El desayuno al día siguiente, siempre en la cafetería “El Balandro” era simple, maravilloso y muy barato y era servido en platos de plástico viejo reusables y de color verde pastel que llevábamos en una bandeja marrón oscuro y que siempre estaban sudadas y calientes. Huevos fritos o en perico (revueltos con tomates y cebollas), queso blanco a la plancha, pan francés, platos inmensos de tocineta (irresistibles por cierto hasta para muchos que “i que” no comían cochino), coquitos, suspiros, Yougurt "Yoka" de ciruelas pasas, panquecas, Rikomalt o Pancho de chocolate de bebida y los más importante: cachitos (tipo croissants pero criollos) y unas donuts locales y endémicas que allí se llamaban “roscas”. Las roscas eran fritas y estaban cubiertas de azúcar, calorías y felicidad. El día continuaba en el pingpong como de 9 a 11 o hasta que el sudor profuso y el calor nos ahuyentara y nos obligara a irnos a la playa o a la piscina a encontrarnos con los flojos que se levantaban tarde o con los aprendices de pescadores de carrete en mano que madrugaban para pescar catacos en el muelle 3 y también, por supuesto, con las chicas. En la playa Oceánica (que tenía un olor característico de uva de playa pisada), desafiábamos las olas inmensas de las que no se como sobreviví (una vez casi me ahogué y me tuvo que sacar un salvavidas que me salvó no sólo a mí, sino al Sr. Spirgel QEPD, que se lanzó a salvarme y también se estaba ahogando) oíamos música en reproductores de casete que requerían de pilas Rayovac y que duraban sólo como media hora cuando ya empezaban a descargarse, o conversábamos de lo mismo que conversábamos en el colegio y que es lo mismo que converso hoy en día por teléfono con exactamente los mismos amigos. En la piscina olímpica o en la innovadora piscina “de espejos” nos sacábamos la sal, y de vez en cuando los no cobardes saltaban de los trampolines más altos (Yo pertenecía al grupo de los cobardes). Como a eso de las 4 de la tarde, los más atléticos y esbeltos se iban a hacer ejercicio: barras, paralelas, abdominales, flexiones. Yo no pertenecía (ni pertenezco) a ese grupo. Después de “reportarme” con mis padres, esos 5 minutos donde desaparecía la independencia de Puerto Azul y manifestábamos que efectivamente no nos habíamos ahogado y de paso nos daban plata para la cena y todo lo demás, yo me iba a jugar bowling y de vez en cuando una partida de futbolito, volibol, póker o billar.

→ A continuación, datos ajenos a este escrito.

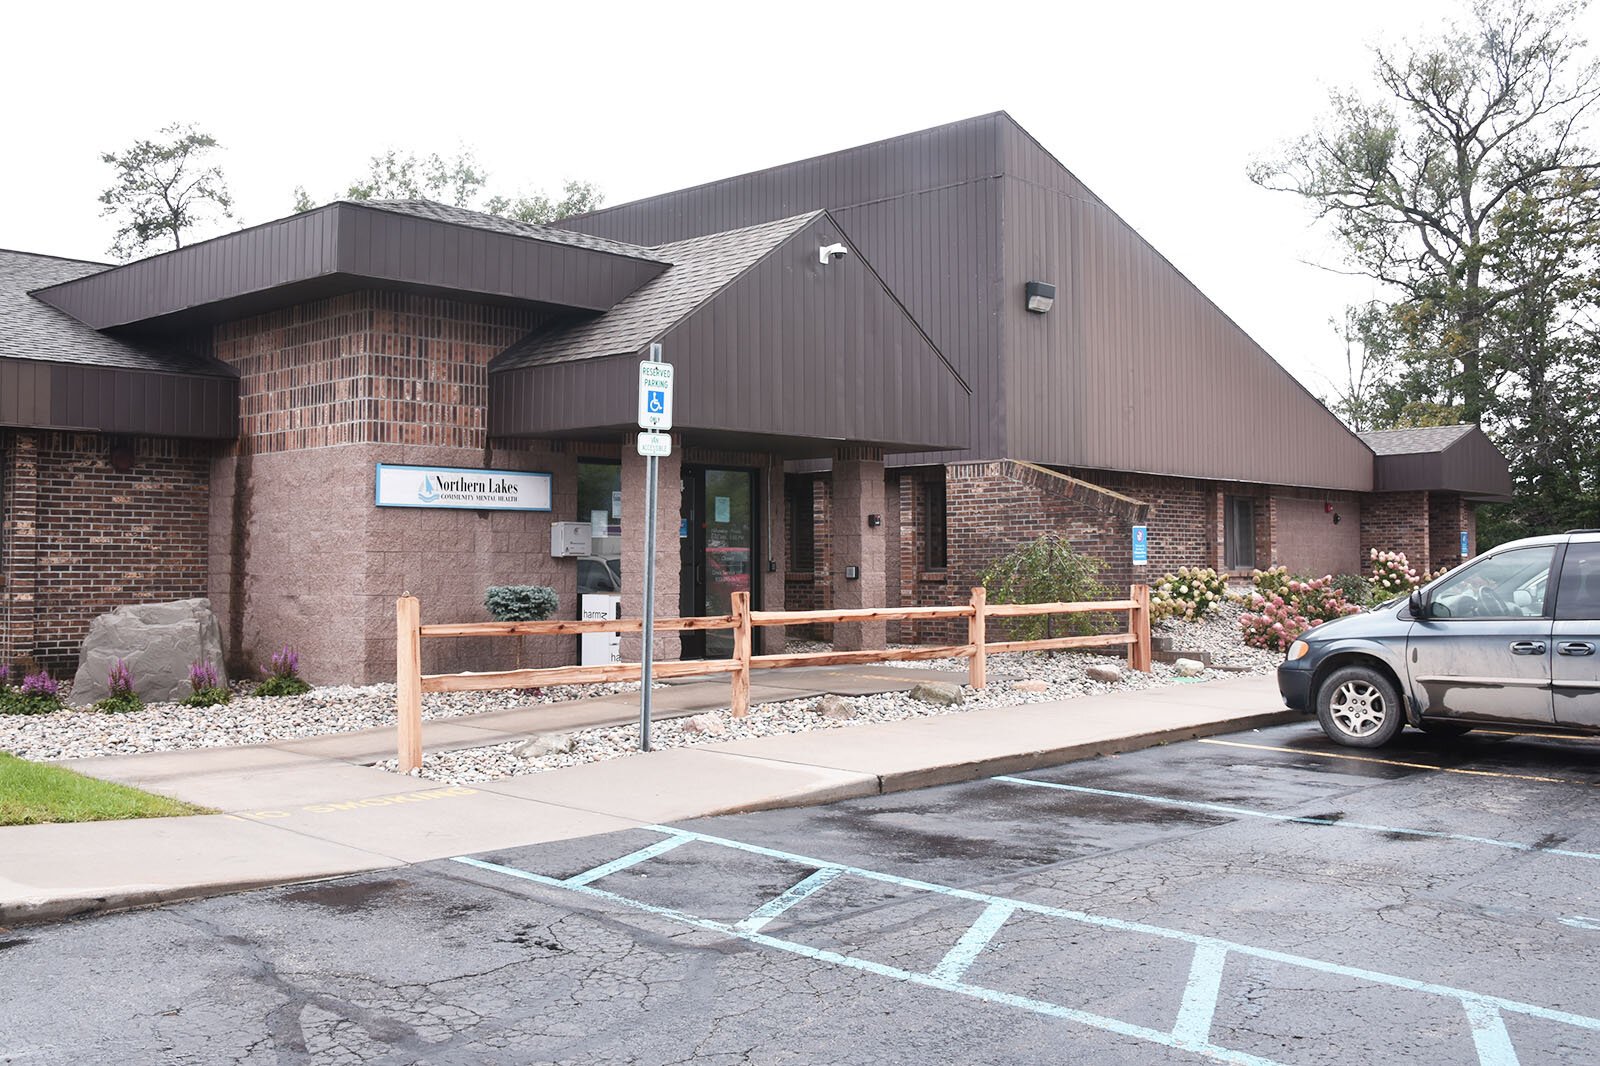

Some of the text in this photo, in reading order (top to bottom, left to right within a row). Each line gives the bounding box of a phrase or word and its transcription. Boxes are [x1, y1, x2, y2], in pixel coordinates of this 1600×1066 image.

[642, 366, 670, 378] RESERVED
[644, 379, 668, 388] PARKING
[436, 476, 518, 494] Northern Lakes
[610, 652, 621, 662] ha

Roscas y cachitos del desayuno de la Cafetería "El Balandro"

(Foto cortesía de Marian Rieber)

La piscina olímpica. Atrás los trampolines para los no cobardes.

La piscina de los espejos.

En el billar con suerte, conseguiríamos una mesa libre, y con mucha más suerte, nos conseguiríamos con el Señor Guerra. El señor Guerra, que no se si se llamaba Carlos, José, o no tenía primer nombre porque todo el mundo le decía Señor Guerra, era un tipo sesentón, pequeño, flaco, y con lentes rectangulares. Vestía siempre igual: pantalones negros, guayabera de lino azul clara y en el bolsillo izquierdo su cartelito enganchado con un alfiler que decía “Gerente General-Club Puerto Azul”. Era un tipo temido, de pocas palabras, de bigotes cortos tipo Cantinflas , un poquito más poblados pero sin gracia ni chiste de ningún tipo. El señor Guerra guardaba un gran secreto que mis amigos y yo y otros muy poco conocíamos: Era un maestro, un artista, un profesional de lo más exquisito en el juego de billar. No del billar gringo, multi colorido de 15 bolas y de mesa con seis huecos. No. Guerra jugaba el billar tradicional de 3 bolas, una roja, una blanca, y una blanca con un punto negro, en una mesa grande sin huecos. Junto a su amigo, o su más feroz contrincante, “Paco”, no se que eran, porque no se decían más nada sino “te toca a ti” y siempre en la mesa que estaba a la izquierda de la entrada al billar, jugaban unas partidas feroces del billar de carambolas, que consistía en la simple tarea de pegarle con la bola blanca, o la blanca con punto negro, dependiendo cual había escogido al principio del juego que sería su bola, a las otras dos. El arte de este juego simple, intenso y preciso, no estaba en hacer la carambola, sino en dejar las bolas preparadas y cerca una de las otras para poder hacer la siguiente hasta que se fallara. Guerra nos dejaba a mis amigos y a mí, aprendices de billaristas ,siempre con el acuerdo tácito que no preguntáramos ni interrumpiéramos, que nos sentáramos a observar como jugaba, cómo le daba los efectos y chanfles a las bolas, como hacía una, dos, diez o treinta carambolas seguidas. Aprendimos tanto del Señor Guerra, que mis amigos y yo en algún momento llegamos a ser bastante buenos y hasta nos hicimos socios de un club de billar en Caracas, “el Billar de Oro” que quedaba encima del cine Radio City al final del bulevar de Sabana Grande.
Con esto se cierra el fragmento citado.